- PROBLEM REQUIREMENTS
Your output should be everything below from the line containing "this 1000×1500 image." down to the line containing "this 1800×1200 image.", both ends included, copied exactly, with pictures left out.

- EXTRACTED RECORDS
++++++++++++++++++++

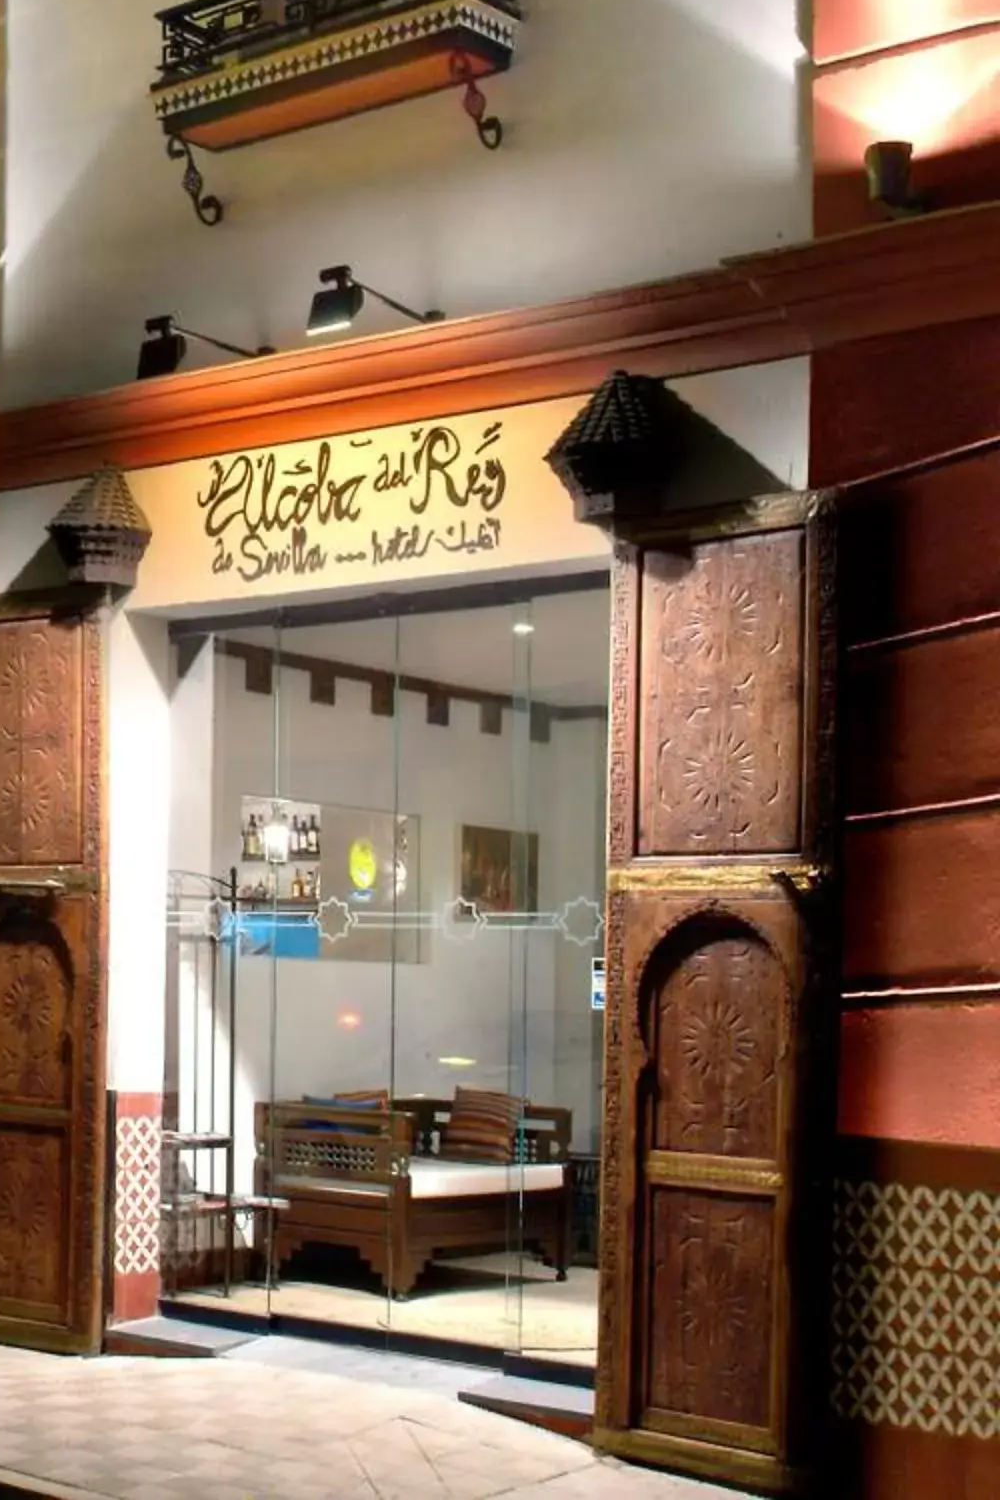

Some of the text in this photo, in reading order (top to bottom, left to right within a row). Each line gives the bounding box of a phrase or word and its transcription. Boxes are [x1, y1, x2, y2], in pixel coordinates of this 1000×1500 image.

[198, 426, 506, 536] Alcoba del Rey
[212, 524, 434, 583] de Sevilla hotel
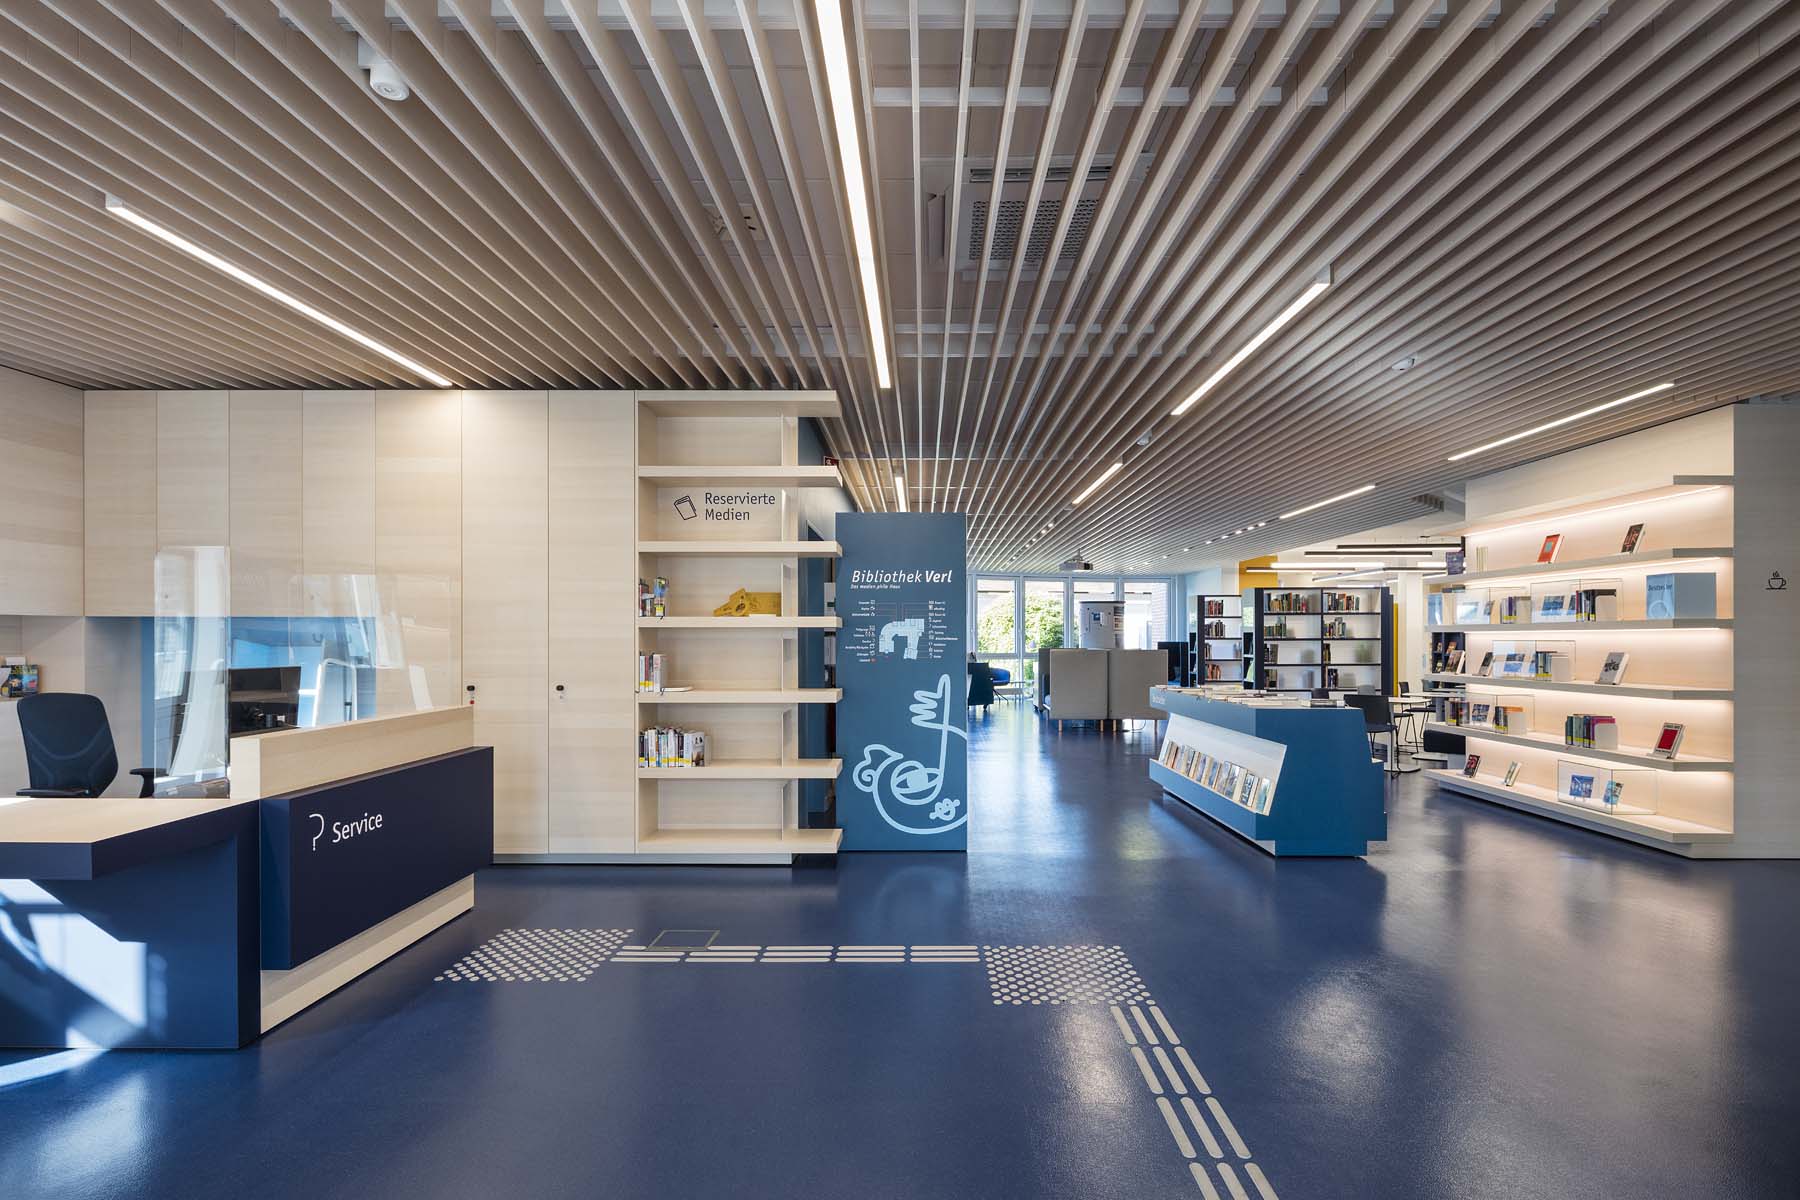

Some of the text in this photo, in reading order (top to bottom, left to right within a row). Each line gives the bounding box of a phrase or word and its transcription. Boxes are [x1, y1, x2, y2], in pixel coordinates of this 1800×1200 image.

++++++++++++++++++++

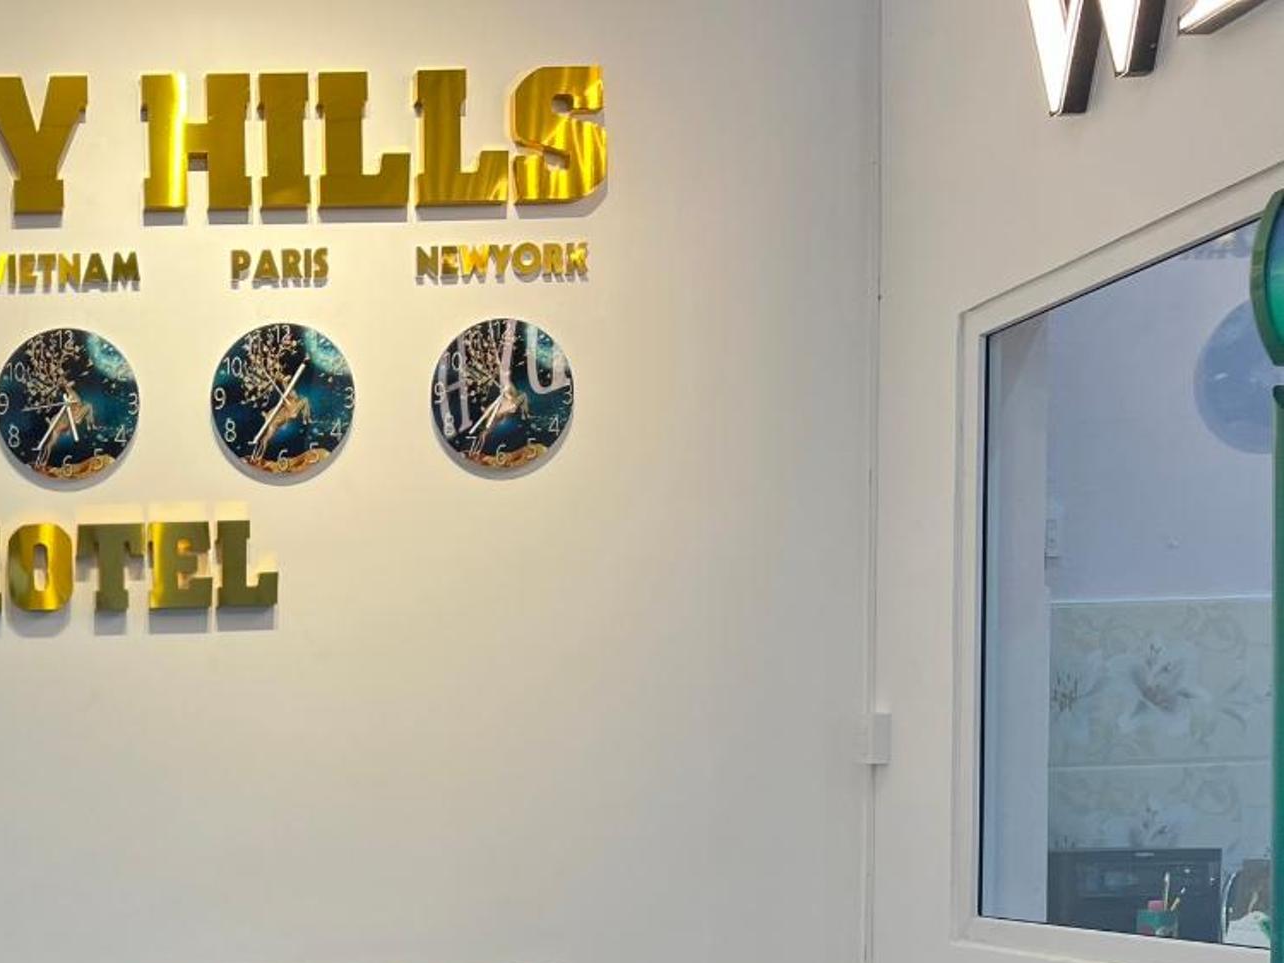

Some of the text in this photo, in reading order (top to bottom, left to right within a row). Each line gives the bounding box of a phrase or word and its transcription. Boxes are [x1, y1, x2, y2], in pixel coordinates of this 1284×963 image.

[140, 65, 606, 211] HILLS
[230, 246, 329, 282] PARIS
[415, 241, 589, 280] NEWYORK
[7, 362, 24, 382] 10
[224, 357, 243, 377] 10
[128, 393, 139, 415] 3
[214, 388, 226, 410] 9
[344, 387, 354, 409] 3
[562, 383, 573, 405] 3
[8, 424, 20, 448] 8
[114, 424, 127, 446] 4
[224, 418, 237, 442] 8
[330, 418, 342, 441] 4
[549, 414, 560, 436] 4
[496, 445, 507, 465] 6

++++++++++++++++++++

- EXERCISE ANSWER
Some of the text in this photo, in reading order (top to bottom, left to right within a row). Each line gives the bounding box of a phrase or word and its transcription. Boxes are [x1, y1, x2, y2], in pixel coordinates of this 1000×1500 image.

[198, 426, 506, 536] Alcoba del Rey
[212, 524, 434, 583] de Sevilla hotel

Some of the text in this photo, in reading order (top to bottom, left to right within a row). Each line gives the bounding box of a phrase or word and its transcription. Boxes are [x1, y1, x2, y2], in pixel coordinates of this 1800×1200 image.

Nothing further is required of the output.